定國公有點老臉掛不住,心裡後悔不該來,正要轉身走。
“雨清。你去問問府裡的大廚房在哪兒,讓他們準備些好入口的湯食。”主屋的門簾掀起。采蘩和丫頭們邊說話邊走了出來,“桃枝,去杏枝那兒看看藥熬好了沒有?順便叫邈手大夫來用早膳。”
秦箏跑來,“大小姐,小小姐醒了,問可不可以跟您一塊兒吃飯?”
采蘩點頭,讓雪清去幫秦箏。
眨眼工夫,身邊的丫頭都派出去了,采蘩這纔看到定國公,有些詫異卻也不至於傻住,“公公這麼早?”天剛亮,“我還想着要去請安的。
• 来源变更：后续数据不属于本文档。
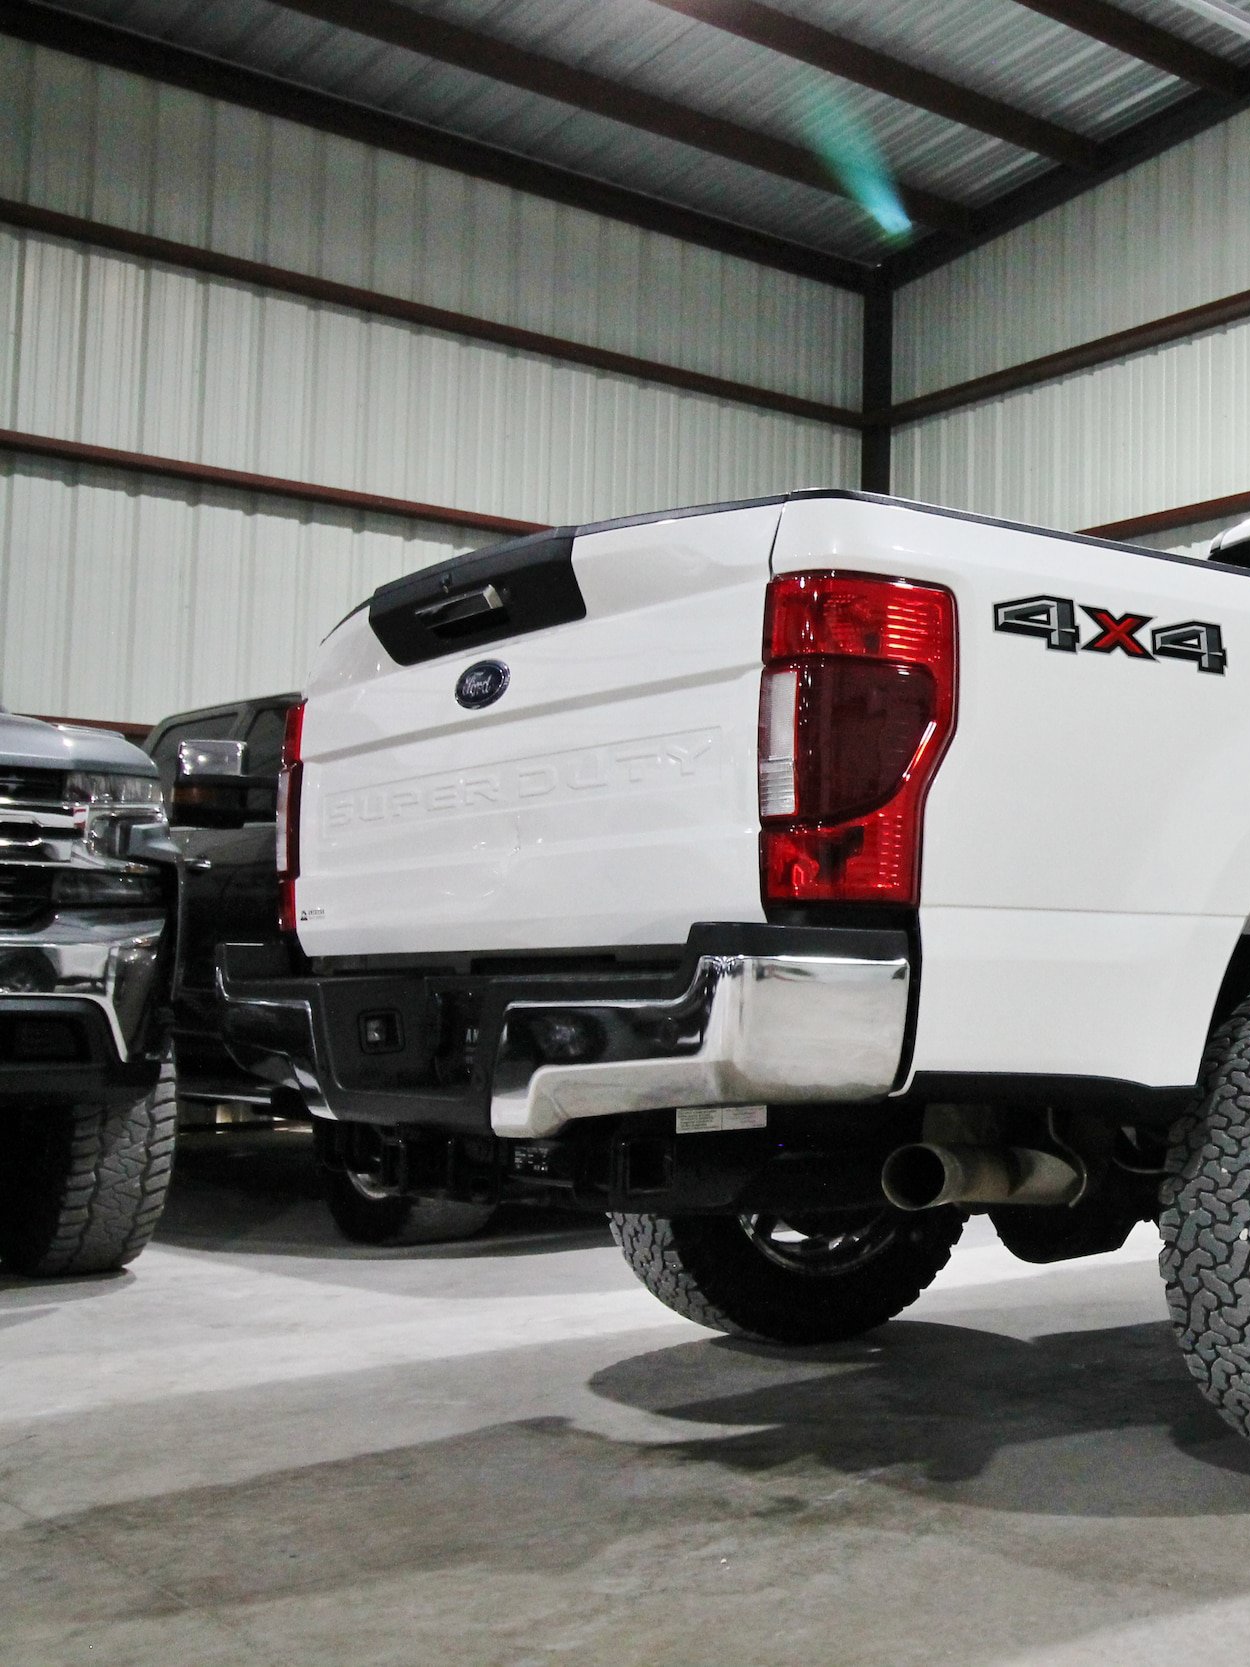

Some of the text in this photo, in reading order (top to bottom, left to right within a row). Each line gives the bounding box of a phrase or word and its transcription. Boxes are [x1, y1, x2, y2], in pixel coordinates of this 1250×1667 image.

[461, 671, 493, 697] Ford
[326, 743, 713, 829] SUPER DUTY
”
定國公哼道,“誰要你請安?聽你們這兒鬧了一晚上,過來罵你的。”
“是嗎?吵到公公了?夫君說他這裡是府中最北邊,而主院是在南邊的,我就沒當心。您罵吧,我聽着。”昨晚進大門後就直奔了這兒,采蘩也不知道國公府到底有多大,方位不清,但對定國公的抱怨沒有質疑。一來,進了一家門,已是一家人,她又是晚輩。二來,她事情多得很,去蹲大牢之前還得要讓這院子清靜,所以沒工夫跟自己的公公再計較長短。
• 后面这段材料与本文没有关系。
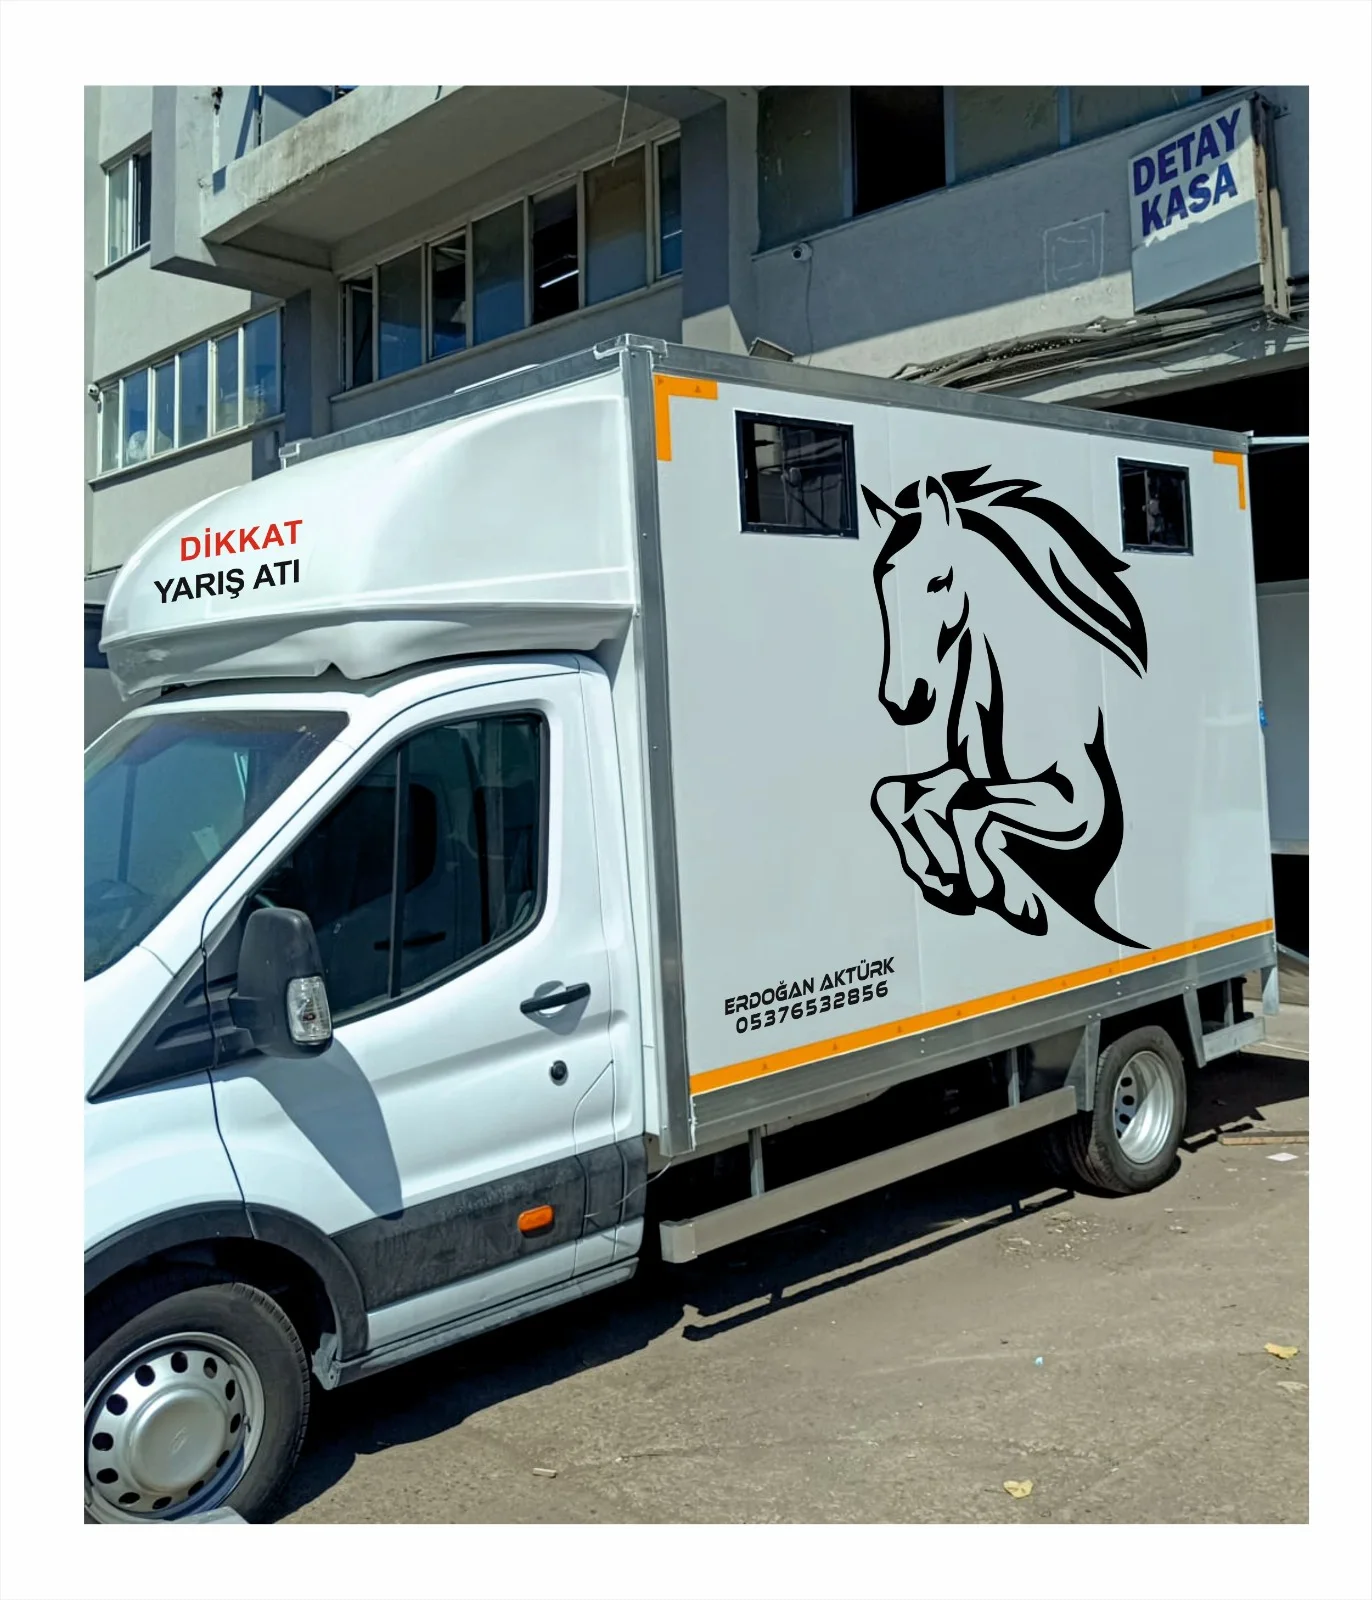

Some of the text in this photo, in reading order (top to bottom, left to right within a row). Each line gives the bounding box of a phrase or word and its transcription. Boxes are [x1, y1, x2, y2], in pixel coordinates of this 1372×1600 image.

“我……你……”定國公又不是真來罵人的,對方態度這麼良好,他罵什麼呀?“那個,你夫君的傷勢怎麼樣了?”最終,還是問了自己最關心的事。
采蘩擡起眼來,目光明亮。
瞧得定國公很不自在,“我看他皮糙肉厚的,打個一百棍子都沒事,坐牢卻這麼嬌氣,回家來無病亂折騰,影響別人。”
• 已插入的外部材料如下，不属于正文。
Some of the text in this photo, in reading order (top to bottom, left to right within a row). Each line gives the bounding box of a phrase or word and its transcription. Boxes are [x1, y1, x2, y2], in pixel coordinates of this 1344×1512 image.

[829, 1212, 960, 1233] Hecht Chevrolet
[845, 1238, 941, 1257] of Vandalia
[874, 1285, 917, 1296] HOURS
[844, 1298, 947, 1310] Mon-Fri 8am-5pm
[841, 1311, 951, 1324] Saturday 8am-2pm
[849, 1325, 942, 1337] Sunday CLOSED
“有人好像故意害夫君,在他肩臂上砍了一刀。傷口沒有及時處理,所以化膿發燒,後半夜裡就神智迷糊不清了。”采蘩邊說邊看定國公的神情。
果不其然,定國公臉色冷了下來,“是誰害棠兒?”
“我也不知道。您該曉得他的脾氣,不是會訴苦的人。不過您也別擔心,用了藥之後,今早已退燒。剛有些半醒不醒的,喊餓呢。”虎毒不食子,采蘩看來,定國公對兒子還關心。
“那就行了。”定國公心定,但一時還不想走,“怎麼什麼事都是你的丫頭在做?閒了這一院子的人,大眼瞪小眼的。”進來就覺得奇怪了。
采蘩淡笑,“我昨晚纔來,東南西北還沒弄明白,如何能隨便差使人?好在我這幾個丫頭辦事相當利落,還有隨護幫忙跑腿拿藥,應付得過來。”
定國公皺眉,目光銳利看了那些發呆的僕人們一圈,“莫非是他們欺生不聽你的調遣?若是如此,這個院子裡的人都打發出去吧,再找本份老實的進來。”
這些人多被姬蓮買通了,就算沒有明着給采蘩臉色,但態度也顯得十分不積極,讓采蘩這邊的人喊一聲,基本上是不搭理的。但采蘩他們也不是喊兩聲的人,一看不對勁,倒還不敢派用場了。所以,就成了一院子的人閒着,采蘩幾個人忙得團團轉的情形。但定國公說要打發他們,立刻醒過神來,啪啪啪跪了滿院,連聲討饒。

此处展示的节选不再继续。